Stored data entries
● ● ● ●

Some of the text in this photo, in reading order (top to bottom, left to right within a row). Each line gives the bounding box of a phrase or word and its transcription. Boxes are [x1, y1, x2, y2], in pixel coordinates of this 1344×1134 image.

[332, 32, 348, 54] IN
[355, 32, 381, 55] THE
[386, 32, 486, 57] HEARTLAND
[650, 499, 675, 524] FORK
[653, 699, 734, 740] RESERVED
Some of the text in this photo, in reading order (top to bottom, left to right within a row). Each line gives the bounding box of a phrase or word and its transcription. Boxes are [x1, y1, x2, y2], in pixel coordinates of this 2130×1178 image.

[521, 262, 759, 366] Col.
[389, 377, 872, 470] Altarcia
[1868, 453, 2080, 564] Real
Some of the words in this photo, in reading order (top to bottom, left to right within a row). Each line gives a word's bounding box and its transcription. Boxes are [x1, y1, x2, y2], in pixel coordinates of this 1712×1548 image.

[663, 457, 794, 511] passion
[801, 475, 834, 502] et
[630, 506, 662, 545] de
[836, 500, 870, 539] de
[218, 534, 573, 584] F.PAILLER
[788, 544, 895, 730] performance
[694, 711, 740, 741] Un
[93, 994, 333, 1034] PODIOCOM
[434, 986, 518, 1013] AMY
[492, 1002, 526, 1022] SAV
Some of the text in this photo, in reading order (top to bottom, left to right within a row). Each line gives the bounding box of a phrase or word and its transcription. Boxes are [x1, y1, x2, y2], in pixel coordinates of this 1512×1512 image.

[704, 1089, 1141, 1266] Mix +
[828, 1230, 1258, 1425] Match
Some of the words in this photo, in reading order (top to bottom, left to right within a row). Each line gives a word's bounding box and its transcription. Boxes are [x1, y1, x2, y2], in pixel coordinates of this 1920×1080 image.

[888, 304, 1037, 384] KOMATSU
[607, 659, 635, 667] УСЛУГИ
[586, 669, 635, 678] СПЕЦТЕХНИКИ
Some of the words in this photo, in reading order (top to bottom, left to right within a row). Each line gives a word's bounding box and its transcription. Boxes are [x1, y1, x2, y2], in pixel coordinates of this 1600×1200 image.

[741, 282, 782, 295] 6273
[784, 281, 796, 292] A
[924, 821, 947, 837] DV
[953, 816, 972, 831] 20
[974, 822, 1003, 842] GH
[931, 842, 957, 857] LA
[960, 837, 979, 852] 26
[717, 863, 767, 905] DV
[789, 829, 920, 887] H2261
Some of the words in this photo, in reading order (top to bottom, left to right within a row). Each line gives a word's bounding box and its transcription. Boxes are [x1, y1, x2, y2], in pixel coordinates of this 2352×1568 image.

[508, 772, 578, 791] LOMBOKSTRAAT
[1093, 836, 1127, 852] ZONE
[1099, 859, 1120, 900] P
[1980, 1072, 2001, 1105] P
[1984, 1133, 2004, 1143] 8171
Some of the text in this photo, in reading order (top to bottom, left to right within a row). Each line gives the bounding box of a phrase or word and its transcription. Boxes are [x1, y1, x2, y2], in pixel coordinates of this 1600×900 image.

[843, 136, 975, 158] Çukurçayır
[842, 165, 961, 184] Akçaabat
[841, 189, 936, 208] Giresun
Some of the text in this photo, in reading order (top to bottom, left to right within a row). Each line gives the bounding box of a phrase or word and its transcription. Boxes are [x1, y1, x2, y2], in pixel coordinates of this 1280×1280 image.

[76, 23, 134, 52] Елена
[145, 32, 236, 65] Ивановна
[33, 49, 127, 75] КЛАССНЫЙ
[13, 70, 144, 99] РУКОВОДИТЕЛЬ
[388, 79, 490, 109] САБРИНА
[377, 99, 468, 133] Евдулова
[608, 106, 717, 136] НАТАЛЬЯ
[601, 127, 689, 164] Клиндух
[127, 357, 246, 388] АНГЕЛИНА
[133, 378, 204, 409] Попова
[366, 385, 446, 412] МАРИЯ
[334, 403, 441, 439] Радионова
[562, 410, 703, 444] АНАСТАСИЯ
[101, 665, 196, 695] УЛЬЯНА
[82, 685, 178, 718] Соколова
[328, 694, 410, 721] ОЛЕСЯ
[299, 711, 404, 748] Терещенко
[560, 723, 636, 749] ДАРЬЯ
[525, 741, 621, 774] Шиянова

● ● ● ●

§ **Exercise directions**: Retype each record in full, please.

§ **Output**:
Some of the text in this photo, in reading order (top to bottom, left to right within a row). Each line gives the bounding box of a phrase or word and its transcription. Boxes are [x1, y1, x2, y2], in pixel coordinates of this 1344×1134 image.

[332, 32, 348, 54] IN
[355, 32, 381, 55] THE
[386, 32, 486, 57] HEARTLAND
[650, 499, 675, 524] FORK
[653, 699, 734, 740] RESERVED
Some of the text in this photo, in reading order (top to bottom, left to right within a row). Each line gives the bounding box of a phrase or word and its transcription. Boxes are [x1, y1, x2, y2], in pixel coordinates of this 2130×1178 image.

[521, 262, 759, 366] Col.
[389, 377, 872, 470] Altarcia
[1868, 453, 2080, 564] Real
Some of the words in this photo, in reading order (top to bottom, left to right within a row). Each line gives a word's bounding box and its transcription. Boxes are [x1, y1, x2, y2], in pixel coordinates of this 1712×1548 image.

[663, 457, 794, 511] passion
[801, 475, 834, 502] et
[630, 506, 662, 545] de
[836, 500, 870, 539] de
[218, 534, 573, 584] F.PAILLER
[788, 544, 895, 730] performance
[694, 711, 740, 741] Un
[93, 994, 333, 1034] PODIOCOM
[434, 986, 518, 1013] AMY
[492, 1002, 526, 1022] SAV
Some of the text in this photo, in reading order (top to bottom, left to right within a row). Each line gives the bounding box of a phrase or word and its transcription. Boxes are [x1, y1, x2, y2], in pixel coordinates of this 1512×1512 image.

[704, 1089, 1141, 1266] Mix +
[828, 1230, 1258, 1425] Match
Some of the words in this photo, in reading order (top to bottom, left to right within a row). Each line gives a word's bounding box and its transcription. Boxes are [x1, y1, x2, y2], in pixel coordinates of this 1920×1080 image.

[888, 304, 1037, 384] KOMATSU
[607, 659, 635, 667] УСЛУГИ
[586, 669, 635, 678] СПЕЦТЕХНИКИ
Some of the words in this photo, in reading order (top to bottom, left to right within a row). Each line gives a word's bounding box and its transcription. Boxes are [x1, y1, x2, y2], in pixel coordinates of this 1600×1200 image.

[741, 282, 782, 295] 6273
[784, 281, 796, 292] A
[924, 821, 947, 837] DV
[953, 816, 972, 831] 20
[974, 822, 1003, 842] GH
[931, 842, 957, 857] LA
[960, 837, 979, 852] 26
[717, 863, 767, 905] DV
[789, 829, 920, 887] H2261
Some of the words in this photo, in reading order (top to bottom, left to right within a row). Each line gives a word's bounding box and its transcription. Boxes are [x1, y1, x2, y2], in pixel coordinates of this 2352×1568 image.

[508, 772, 578, 791] LOMBOKSTRAAT
[1093, 836, 1127, 852] ZONE
[1099, 859, 1120, 900] P
[1980, 1072, 2001, 1105] P
[1984, 1133, 2004, 1143] 8171
Some of the text in this photo, in reading order (top to bottom, left to right within a row). Each line gives the bounding box of a phrase or word and its transcription. Boxes are [x1, y1, x2, y2], in pixel coordinates of this 1600×900 image.

[843, 136, 975, 158] Çukurçayır
[842, 165, 961, 184] Akçaabat
[841, 189, 936, 208] Giresun
Some of the text in this photo, in reading order (top to bottom, left to right within a row). Each line gives the bounding box of a phrase or word and its transcription. Boxes are [x1, y1, x2, y2], in pixel coordinates of this 1280×1280 image.

[76, 23, 134, 52] Елена
[145, 32, 236, 65] Ивановна
[33, 49, 127, 75] КЛАССНЫЙ
[13, 70, 144, 99] РУКОВОДИТЕЛЬ
[388, 79, 490, 109] САБРИНА
[377, 99, 468, 133] Евдулова
[608, 106, 717, 136] НАТАЛЬЯ
[601, 127, 689, 164] Клиндух
[127, 357, 246, 388] АНГЕЛИНА
[133, 378, 204, 409] Попова
[366, 385, 446, 412] МАРИЯ
[334, 403, 441, 439] Радионова
[562, 410, 703, 444] АНАСТАСИЯ
[101, 665, 196, 695] УЛЬЯНА
[82, 685, 178, 718] Соколова
[328, 694, 410, 721] ОЛЕСЯ
[299, 711, 404, 748] Терещенко
[560, 723, 636, 749] ДАРЬЯ
[525, 741, 621, 774] Шиянова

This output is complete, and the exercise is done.